*Work instruction*: The output should be the line containing "this 1280×1280 image." and every later line of the records, exactly as written, and nothing else.

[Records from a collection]

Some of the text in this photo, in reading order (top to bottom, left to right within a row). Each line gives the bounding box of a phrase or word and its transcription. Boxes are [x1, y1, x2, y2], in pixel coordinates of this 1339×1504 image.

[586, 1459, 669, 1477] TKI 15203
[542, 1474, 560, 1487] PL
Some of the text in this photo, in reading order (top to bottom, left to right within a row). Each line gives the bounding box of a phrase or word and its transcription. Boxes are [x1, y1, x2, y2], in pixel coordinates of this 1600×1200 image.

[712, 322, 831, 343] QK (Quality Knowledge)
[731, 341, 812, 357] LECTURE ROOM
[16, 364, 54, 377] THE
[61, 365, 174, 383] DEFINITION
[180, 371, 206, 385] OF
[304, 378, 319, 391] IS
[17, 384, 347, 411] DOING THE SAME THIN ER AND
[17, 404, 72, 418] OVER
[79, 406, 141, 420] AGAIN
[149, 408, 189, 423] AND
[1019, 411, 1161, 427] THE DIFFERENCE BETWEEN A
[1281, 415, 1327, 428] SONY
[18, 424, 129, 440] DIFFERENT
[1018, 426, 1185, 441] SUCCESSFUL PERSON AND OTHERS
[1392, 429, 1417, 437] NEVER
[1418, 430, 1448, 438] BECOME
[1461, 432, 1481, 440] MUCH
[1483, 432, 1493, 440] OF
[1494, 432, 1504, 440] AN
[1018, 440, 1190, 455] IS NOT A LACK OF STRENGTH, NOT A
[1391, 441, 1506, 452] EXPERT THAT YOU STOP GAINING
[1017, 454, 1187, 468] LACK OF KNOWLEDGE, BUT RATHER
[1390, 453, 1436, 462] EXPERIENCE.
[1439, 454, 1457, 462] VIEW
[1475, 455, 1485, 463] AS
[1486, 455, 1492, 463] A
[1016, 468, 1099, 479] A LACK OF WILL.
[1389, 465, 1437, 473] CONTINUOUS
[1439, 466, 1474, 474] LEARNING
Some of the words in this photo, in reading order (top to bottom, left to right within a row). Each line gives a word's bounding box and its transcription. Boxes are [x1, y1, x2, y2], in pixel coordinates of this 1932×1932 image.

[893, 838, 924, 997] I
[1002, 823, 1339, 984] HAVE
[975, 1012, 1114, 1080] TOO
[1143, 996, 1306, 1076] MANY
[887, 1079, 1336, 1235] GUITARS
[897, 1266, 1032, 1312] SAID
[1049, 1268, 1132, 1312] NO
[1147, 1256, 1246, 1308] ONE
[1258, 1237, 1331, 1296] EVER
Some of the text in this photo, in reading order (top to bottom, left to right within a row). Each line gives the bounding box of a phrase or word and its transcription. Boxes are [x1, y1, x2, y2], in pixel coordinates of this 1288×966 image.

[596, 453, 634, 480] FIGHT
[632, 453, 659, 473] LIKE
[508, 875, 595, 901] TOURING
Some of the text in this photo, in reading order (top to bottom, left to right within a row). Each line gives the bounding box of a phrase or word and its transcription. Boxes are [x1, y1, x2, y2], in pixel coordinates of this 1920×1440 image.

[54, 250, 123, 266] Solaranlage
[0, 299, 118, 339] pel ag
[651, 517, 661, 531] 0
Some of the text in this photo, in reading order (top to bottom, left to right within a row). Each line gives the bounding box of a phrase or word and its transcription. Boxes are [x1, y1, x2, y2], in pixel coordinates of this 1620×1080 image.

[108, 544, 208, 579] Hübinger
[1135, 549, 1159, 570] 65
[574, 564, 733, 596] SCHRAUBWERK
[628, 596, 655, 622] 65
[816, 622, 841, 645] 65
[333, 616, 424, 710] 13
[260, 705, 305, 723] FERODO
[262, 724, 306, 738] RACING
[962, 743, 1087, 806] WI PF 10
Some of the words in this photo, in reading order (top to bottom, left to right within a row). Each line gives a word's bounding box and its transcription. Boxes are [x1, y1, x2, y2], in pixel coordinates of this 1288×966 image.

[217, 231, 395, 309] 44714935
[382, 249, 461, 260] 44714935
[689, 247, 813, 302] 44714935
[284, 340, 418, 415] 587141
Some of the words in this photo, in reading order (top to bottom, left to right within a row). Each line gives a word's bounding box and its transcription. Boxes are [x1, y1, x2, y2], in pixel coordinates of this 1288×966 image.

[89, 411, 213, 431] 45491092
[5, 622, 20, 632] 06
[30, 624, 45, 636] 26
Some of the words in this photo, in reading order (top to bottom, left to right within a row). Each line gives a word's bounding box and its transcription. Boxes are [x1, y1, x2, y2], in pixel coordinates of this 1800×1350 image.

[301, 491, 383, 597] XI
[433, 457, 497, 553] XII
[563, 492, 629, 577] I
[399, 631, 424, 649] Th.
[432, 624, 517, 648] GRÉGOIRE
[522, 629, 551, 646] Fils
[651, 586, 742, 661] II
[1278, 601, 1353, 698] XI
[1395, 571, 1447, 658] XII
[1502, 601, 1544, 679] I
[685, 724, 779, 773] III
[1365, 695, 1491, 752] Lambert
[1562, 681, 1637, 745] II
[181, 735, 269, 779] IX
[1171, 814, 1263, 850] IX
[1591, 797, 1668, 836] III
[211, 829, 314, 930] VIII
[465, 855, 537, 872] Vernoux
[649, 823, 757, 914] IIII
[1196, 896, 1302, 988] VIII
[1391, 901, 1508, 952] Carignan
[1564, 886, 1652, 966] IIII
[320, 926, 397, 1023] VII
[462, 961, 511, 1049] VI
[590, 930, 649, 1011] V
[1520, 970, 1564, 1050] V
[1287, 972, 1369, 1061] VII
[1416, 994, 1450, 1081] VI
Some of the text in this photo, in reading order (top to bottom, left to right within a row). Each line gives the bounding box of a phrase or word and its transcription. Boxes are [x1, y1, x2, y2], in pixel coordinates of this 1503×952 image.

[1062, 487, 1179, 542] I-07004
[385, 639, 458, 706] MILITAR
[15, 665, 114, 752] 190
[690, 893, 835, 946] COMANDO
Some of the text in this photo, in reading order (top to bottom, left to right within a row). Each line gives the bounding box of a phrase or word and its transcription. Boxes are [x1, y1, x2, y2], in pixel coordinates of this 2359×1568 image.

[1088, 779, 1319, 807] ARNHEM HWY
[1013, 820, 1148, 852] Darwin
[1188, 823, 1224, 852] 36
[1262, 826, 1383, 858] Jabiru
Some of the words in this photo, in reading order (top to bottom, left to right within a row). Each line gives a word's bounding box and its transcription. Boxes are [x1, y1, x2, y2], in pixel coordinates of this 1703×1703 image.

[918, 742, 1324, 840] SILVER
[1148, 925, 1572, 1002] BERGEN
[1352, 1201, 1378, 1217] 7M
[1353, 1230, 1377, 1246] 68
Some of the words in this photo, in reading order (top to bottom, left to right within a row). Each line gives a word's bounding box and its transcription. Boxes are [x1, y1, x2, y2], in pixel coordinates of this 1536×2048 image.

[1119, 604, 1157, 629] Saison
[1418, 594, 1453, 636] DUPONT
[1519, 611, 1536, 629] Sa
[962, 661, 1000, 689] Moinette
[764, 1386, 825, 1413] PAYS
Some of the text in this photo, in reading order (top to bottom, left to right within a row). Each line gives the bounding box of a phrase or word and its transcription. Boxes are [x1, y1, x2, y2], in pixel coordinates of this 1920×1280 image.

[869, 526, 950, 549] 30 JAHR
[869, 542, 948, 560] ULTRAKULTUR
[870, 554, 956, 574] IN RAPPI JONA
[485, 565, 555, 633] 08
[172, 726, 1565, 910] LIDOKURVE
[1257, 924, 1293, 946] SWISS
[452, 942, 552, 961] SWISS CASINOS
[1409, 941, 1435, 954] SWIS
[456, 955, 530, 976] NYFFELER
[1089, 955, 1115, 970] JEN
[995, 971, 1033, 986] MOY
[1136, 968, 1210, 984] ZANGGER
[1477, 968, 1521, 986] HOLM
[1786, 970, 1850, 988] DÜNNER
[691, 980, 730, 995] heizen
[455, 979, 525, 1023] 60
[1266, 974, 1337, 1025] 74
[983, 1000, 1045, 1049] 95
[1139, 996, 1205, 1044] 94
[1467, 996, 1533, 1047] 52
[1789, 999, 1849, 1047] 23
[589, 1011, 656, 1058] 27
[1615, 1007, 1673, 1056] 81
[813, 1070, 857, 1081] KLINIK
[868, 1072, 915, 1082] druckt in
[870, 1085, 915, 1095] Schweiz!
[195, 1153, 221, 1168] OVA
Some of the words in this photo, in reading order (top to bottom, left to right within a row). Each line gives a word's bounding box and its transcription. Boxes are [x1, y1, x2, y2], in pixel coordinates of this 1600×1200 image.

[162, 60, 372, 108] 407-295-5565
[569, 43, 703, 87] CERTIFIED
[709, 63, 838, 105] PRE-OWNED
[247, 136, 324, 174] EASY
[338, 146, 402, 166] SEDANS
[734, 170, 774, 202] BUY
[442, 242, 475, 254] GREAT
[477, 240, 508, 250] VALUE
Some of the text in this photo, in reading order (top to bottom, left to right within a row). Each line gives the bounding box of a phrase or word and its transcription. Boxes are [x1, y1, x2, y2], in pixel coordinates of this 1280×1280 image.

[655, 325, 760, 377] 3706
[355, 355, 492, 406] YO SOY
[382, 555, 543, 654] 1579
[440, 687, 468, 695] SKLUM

*Solution for this problem*:
Some of the text in this photo, in reading order (top to bottom, left to right within a row). Each line gives the bounding box of a phrase or word and its transcription. Boxes are [x1, y1, x2, y2], in pixel coordinates of this 1280×1280 image.

[655, 325, 760, 377] 3706
[355, 355, 492, 406] YO SOY
[382, 555, 543, 654] 1579
[440, 687, 468, 695] SKLUM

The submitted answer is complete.